[Annotated photo localization data]
++++++++++

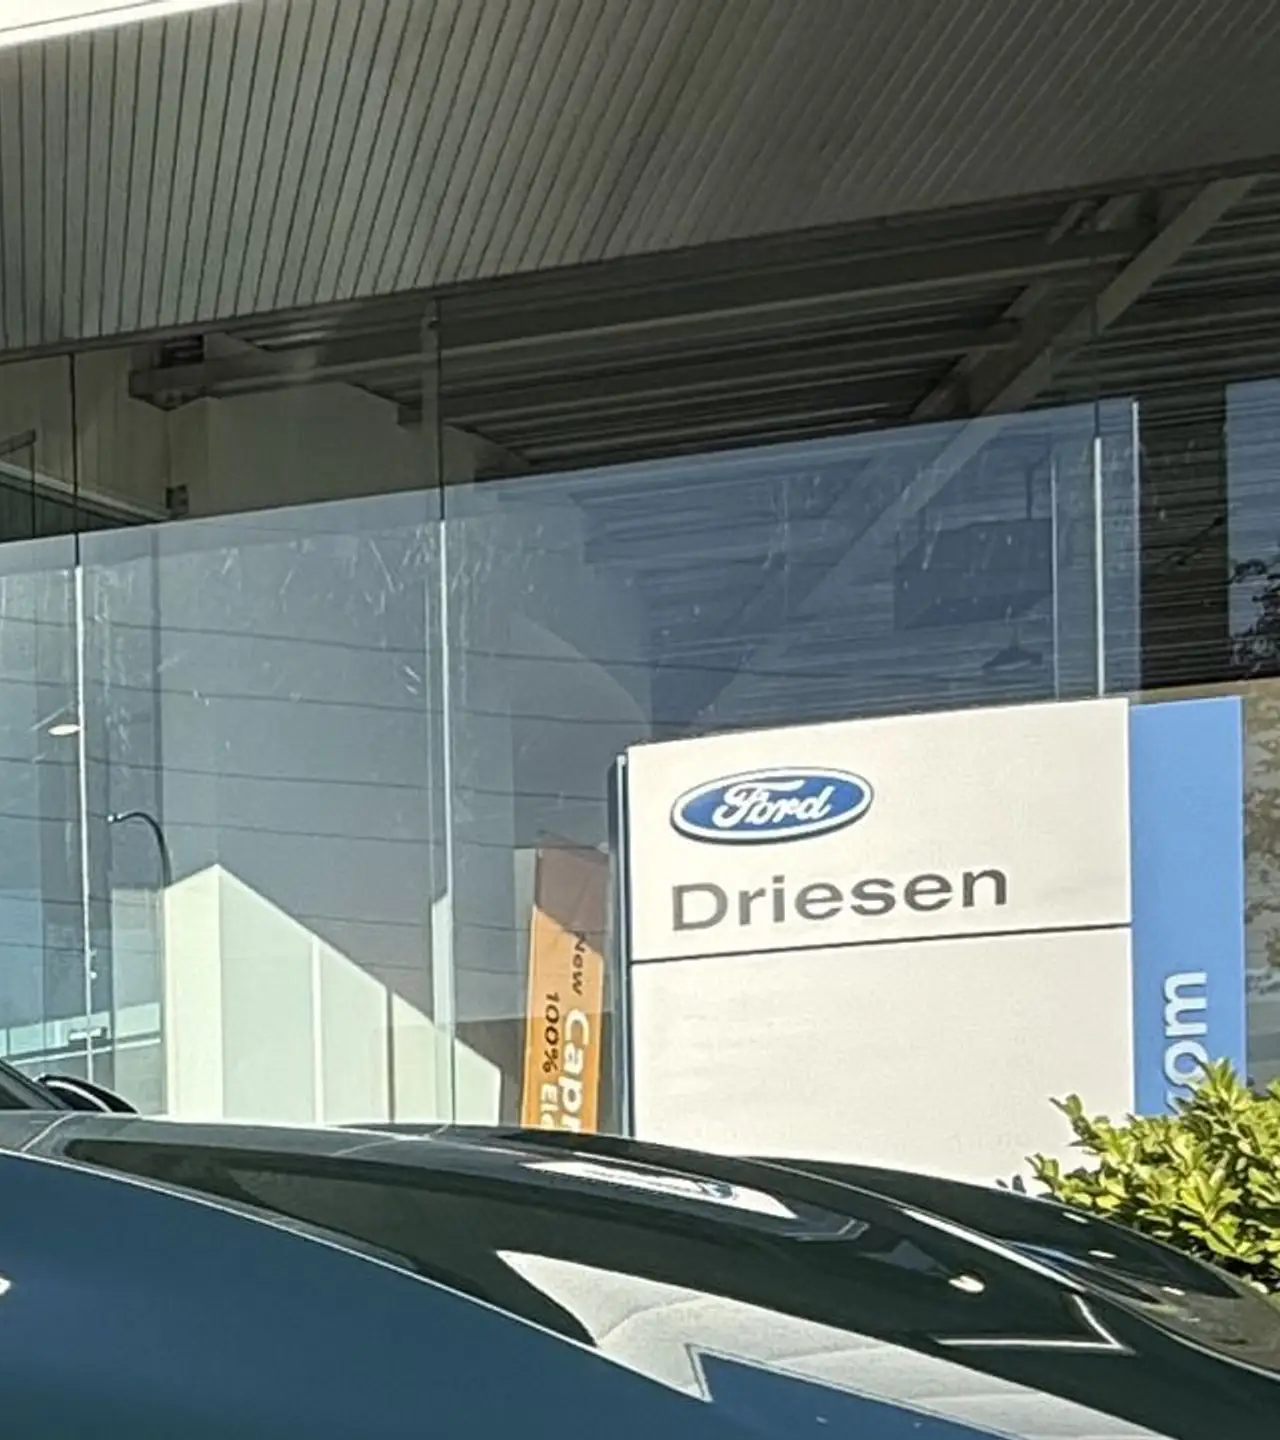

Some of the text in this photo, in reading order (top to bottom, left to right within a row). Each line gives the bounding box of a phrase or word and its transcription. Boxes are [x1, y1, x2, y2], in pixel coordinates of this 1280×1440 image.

[711, 778, 837, 829] Ford
[672, 867, 1008, 931] Driesen
[541, 991, 561, 1075] 100%
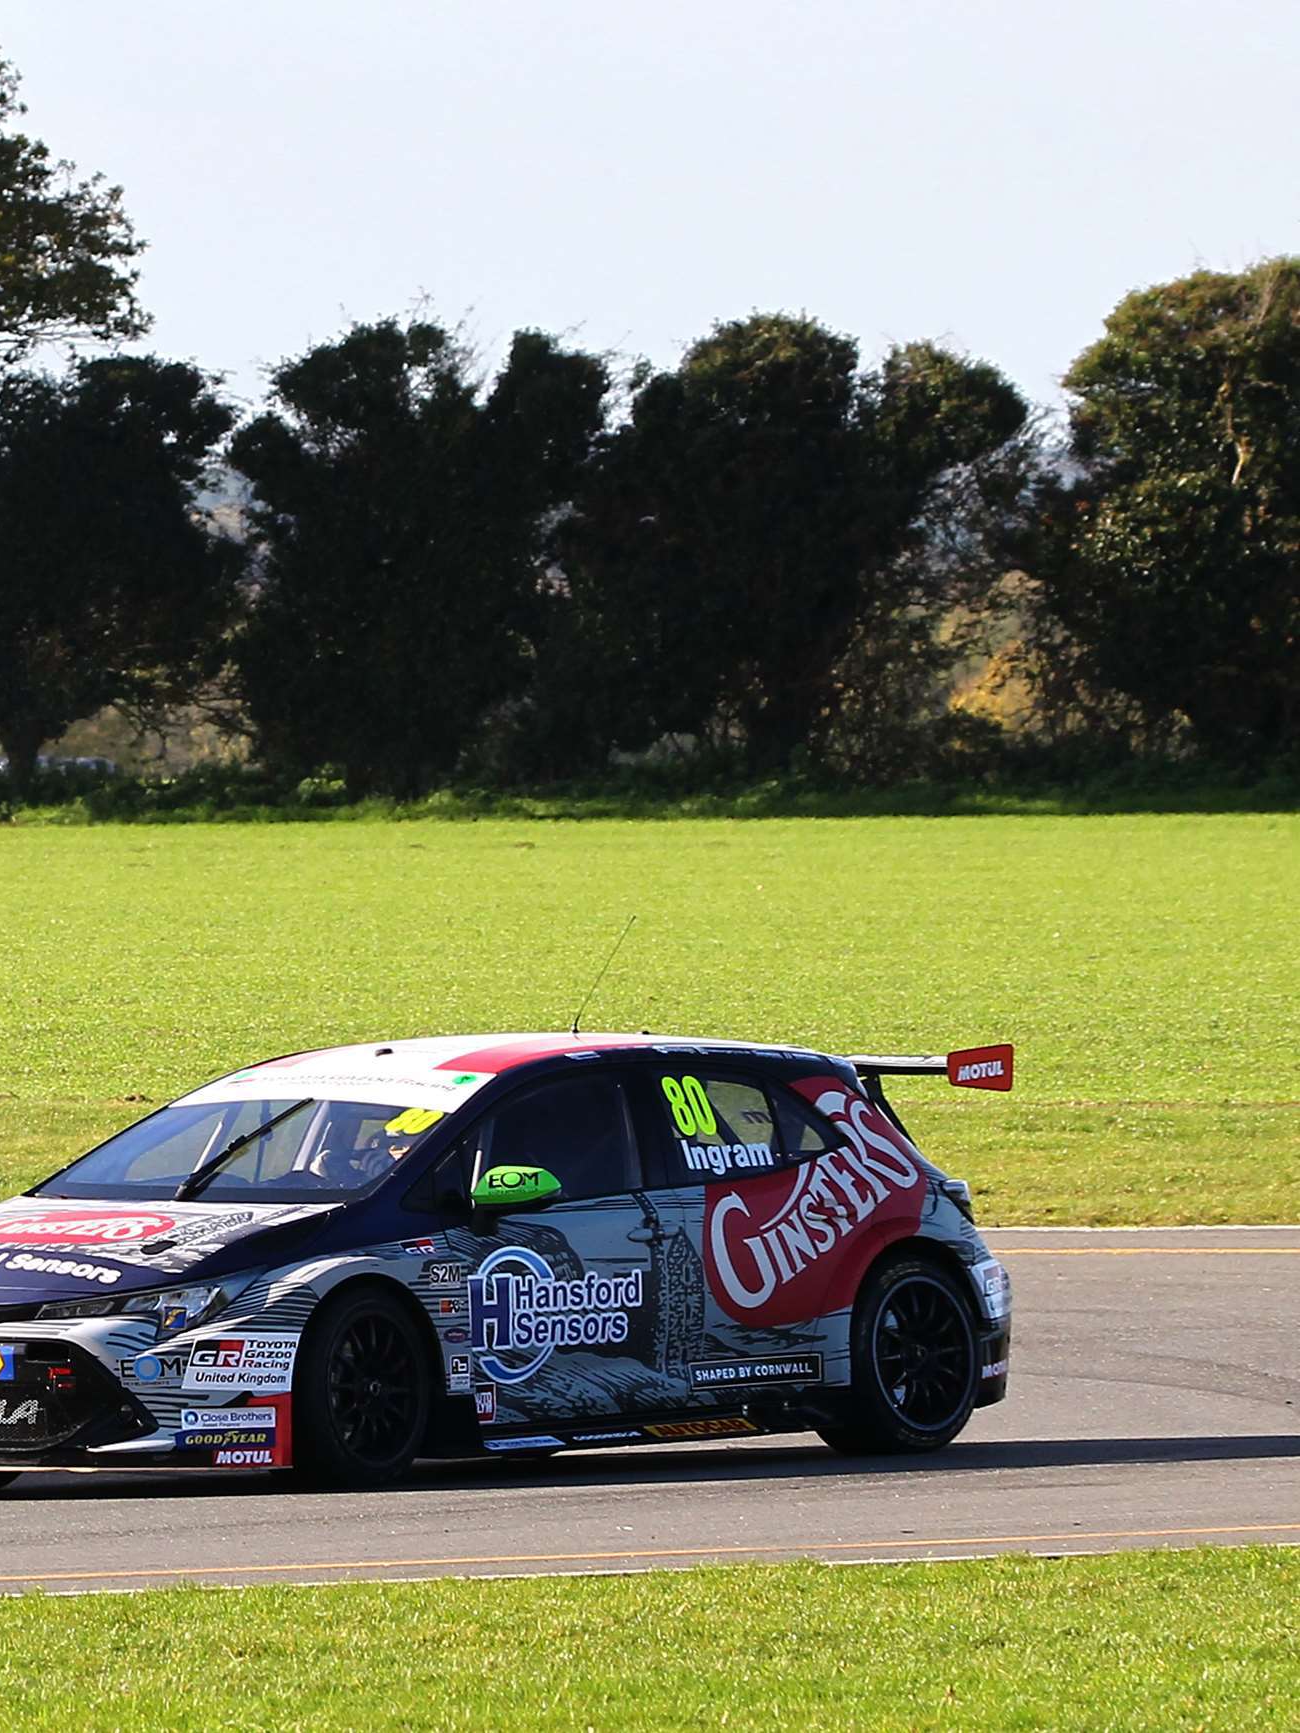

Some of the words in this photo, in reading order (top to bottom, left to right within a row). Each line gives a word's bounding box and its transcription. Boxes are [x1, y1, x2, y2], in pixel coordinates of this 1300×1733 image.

++++++++++

**Exercise brief:**
Give every line of the records above again, exactly, and omit the pictures.

**Solution for this exercise:**
Some of the text in this photo, in reading order (top to bottom, left to right within a row). Each line gives the bounding box of a phrase or word and its transcription. Boxes are [x1, y1, x2, y2], in pixel coordinates of this 1280×1440 image.

[711, 778, 837, 829] Ford
[672, 867, 1008, 931] Driesen
[541, 991, 561, 1075] 100%

Some of the words in this photo, in reading order (top to bottom, left to right within a row). Each line gives a word's bounding box and its transcription. Boxes are [x1, y1, x2, y2], in pixel coordinates of this 1300×1733 image.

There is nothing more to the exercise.